INSTRUCTIONS FOR THE TASK – Retype all entries exactly, skipping pictures.

RECORDS SHOWN –
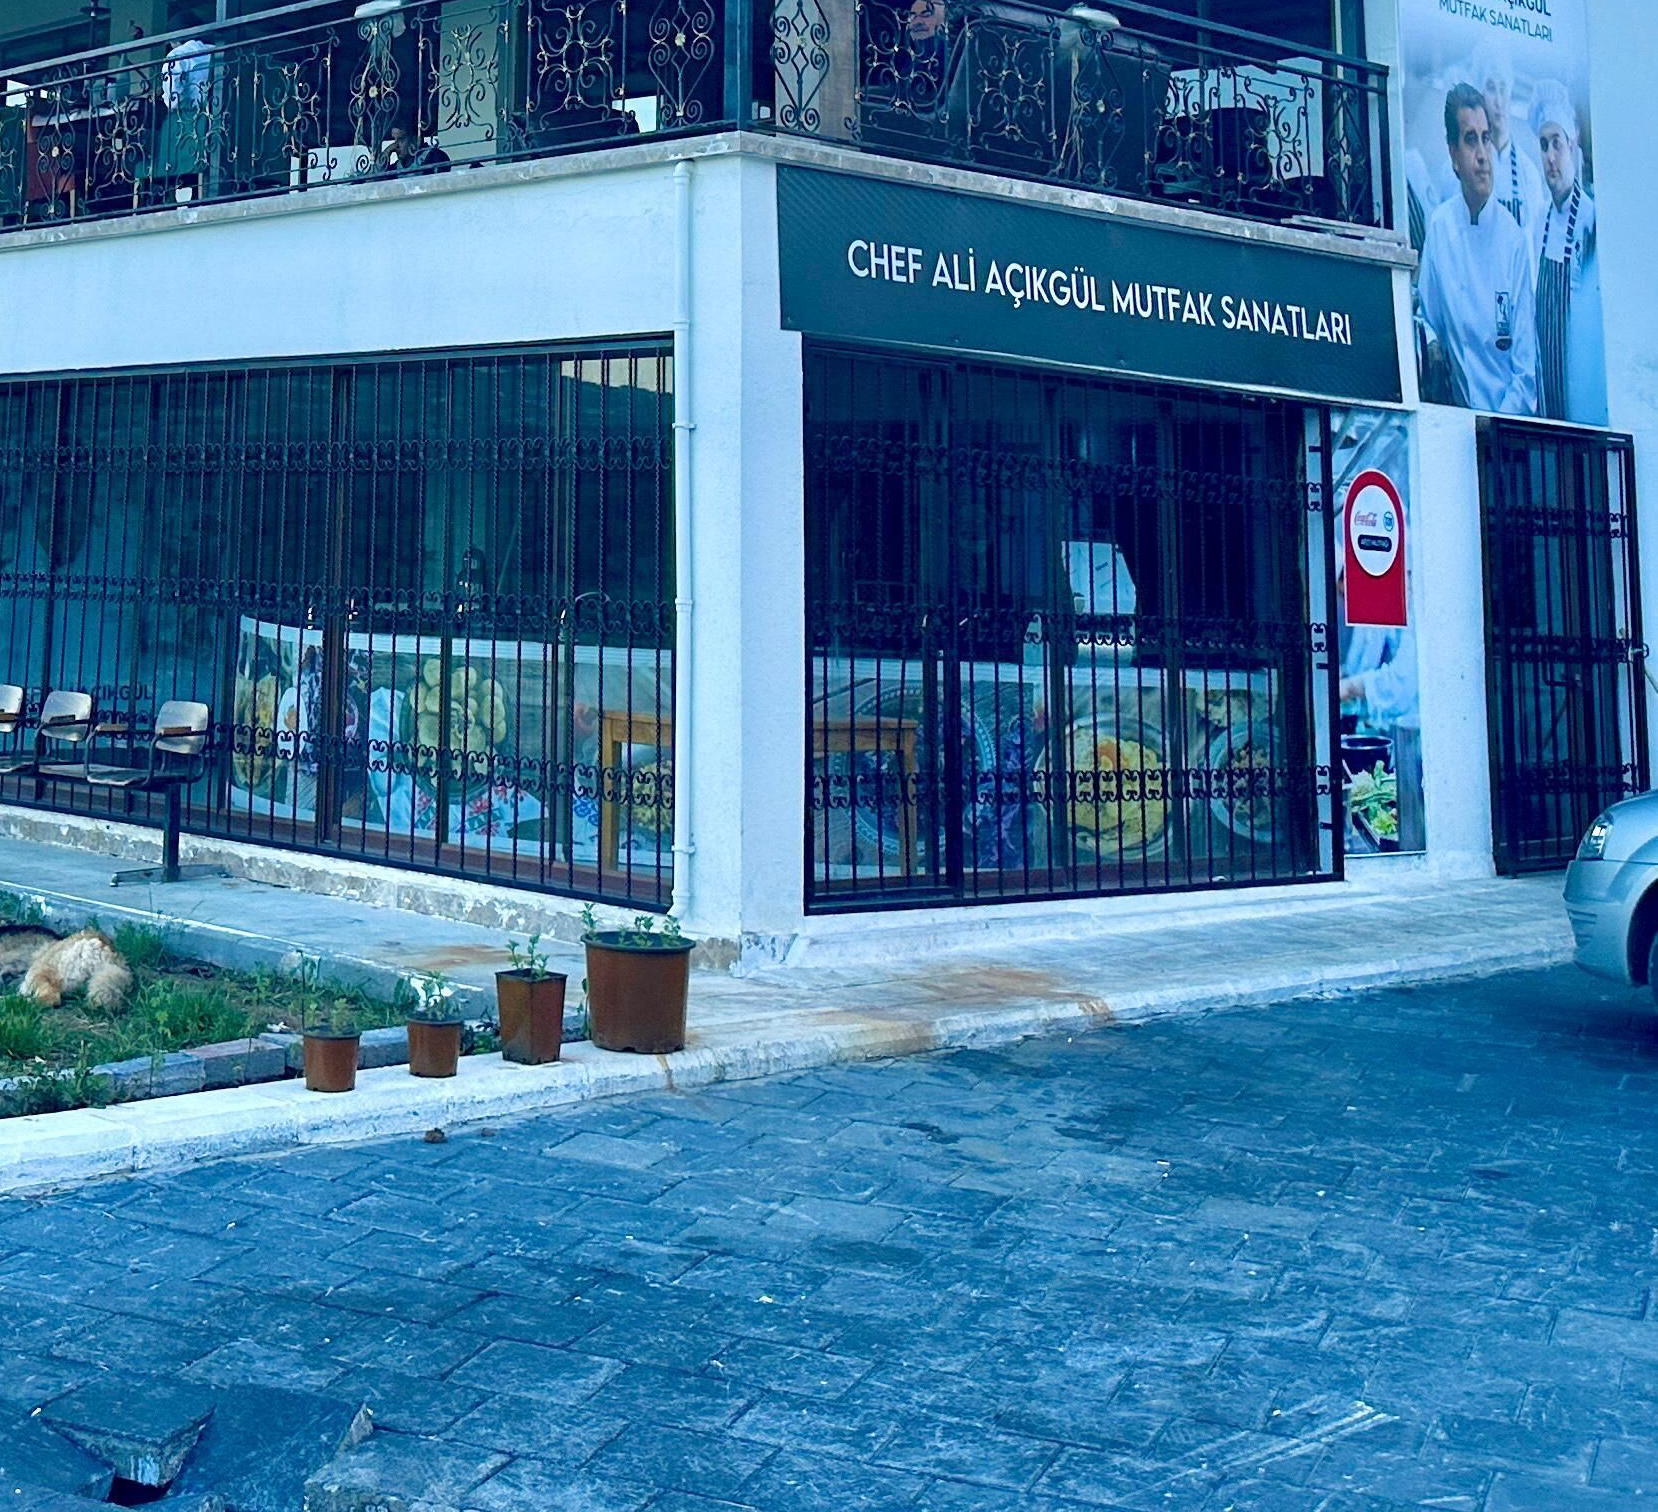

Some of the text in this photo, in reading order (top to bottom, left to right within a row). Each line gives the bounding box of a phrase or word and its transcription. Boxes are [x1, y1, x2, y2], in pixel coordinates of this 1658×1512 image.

[1489, 9, 1553, 42] SANATLARI
[847, 239, 1352, 345] CHEF ALİ AÇIKGÜL MUTFAK SANATLARI
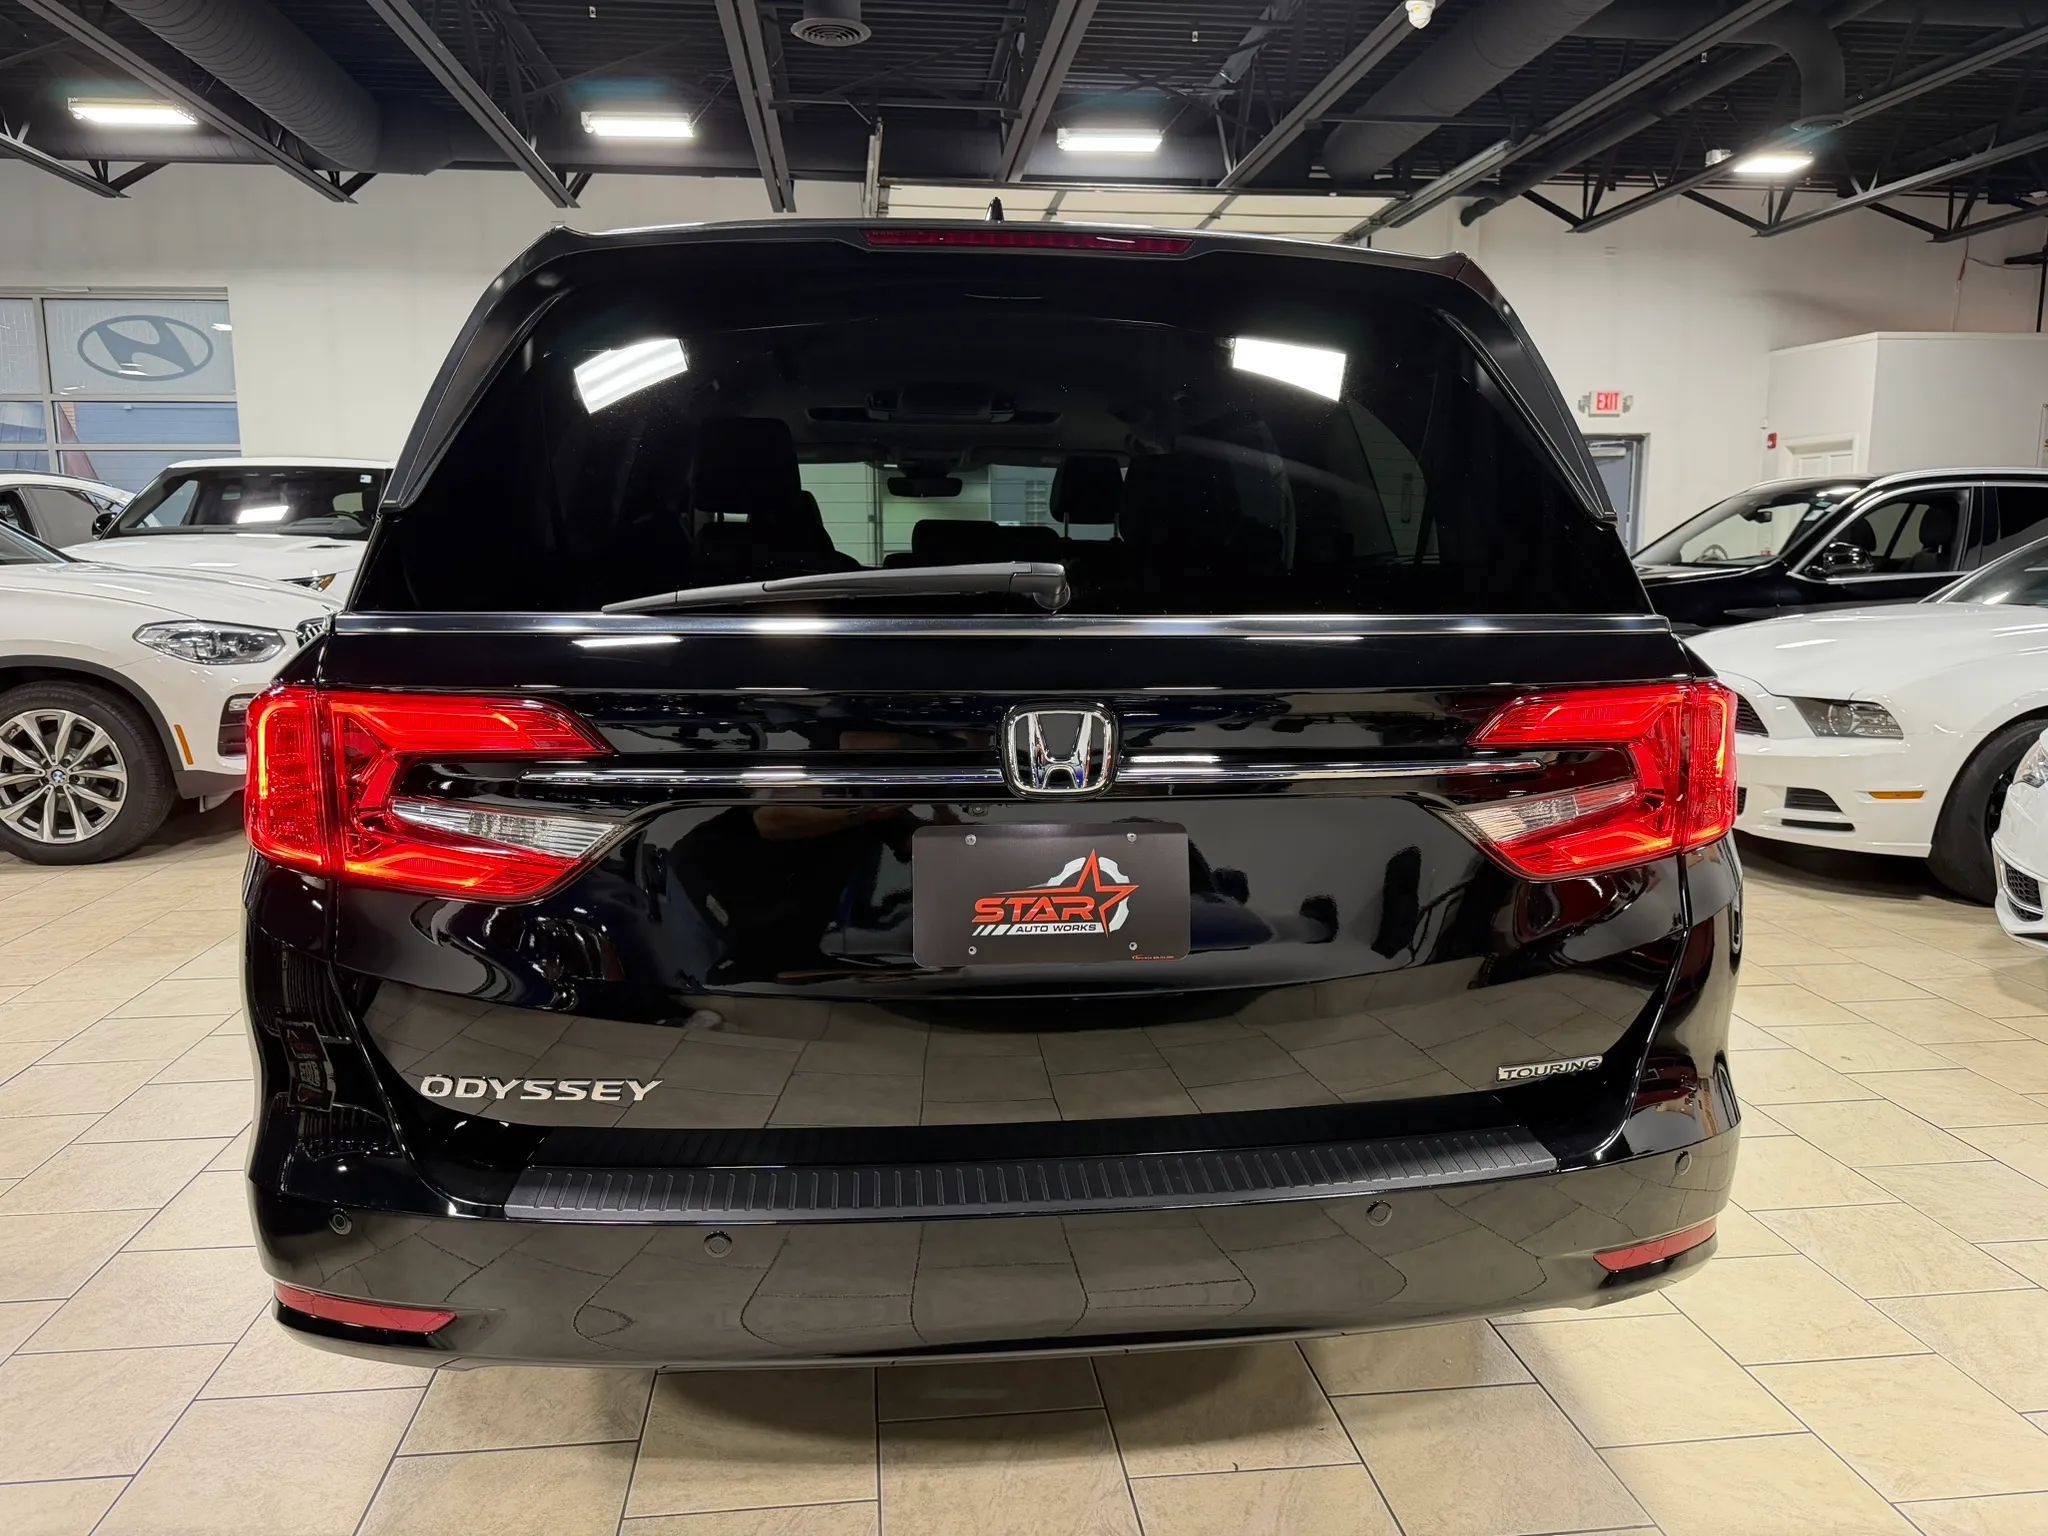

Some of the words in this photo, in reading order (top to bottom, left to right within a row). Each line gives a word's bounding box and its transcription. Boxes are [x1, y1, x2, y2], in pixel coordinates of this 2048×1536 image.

[1597, 392, 1619, 410] EXIT
[973, 896, 1095, 923] STAR
[1015, 925, 1049, 933] AUTO
[1052, 924, 1097, 932] WORKS
[1504, 1059, 1600, 1079] TOURING
[420, 1075, 663, 1101] ODYSSEY

SOLVED PROBLEM –
Some of the text in this photo, in reading order (top to bottom, left to right within a row). Each line gives the bounding box of a phrase or word and its transcription. Boxes are [x1, y1, x2, y2], in pixel coordinates of this 1658×1512 image.

[1489, 9, 1553, 42] SANATLARI
[847, 239, 1352, 345] CHEF ALİ AÇIKGÜL MUTFAK SANATLARI

Some of the words in this photo, in reading order (top to bottom, left to right within a row). Each line gives a word's bounding box and its transcription. Boxes are [x1, y1, x2, y2], in pixel coordinates of this 2048×1536 image.

[1597, 392, 1619, 410] EXIT
[973, 896, 1095, 923] STAR
[1015, 925, 1049, 933] AUTO
[1052, 924, 1097, 932] WORKS
[1504, 1059, 1600, 1079] TOURING
[420, 1075, 663, 1101] ODYSSEY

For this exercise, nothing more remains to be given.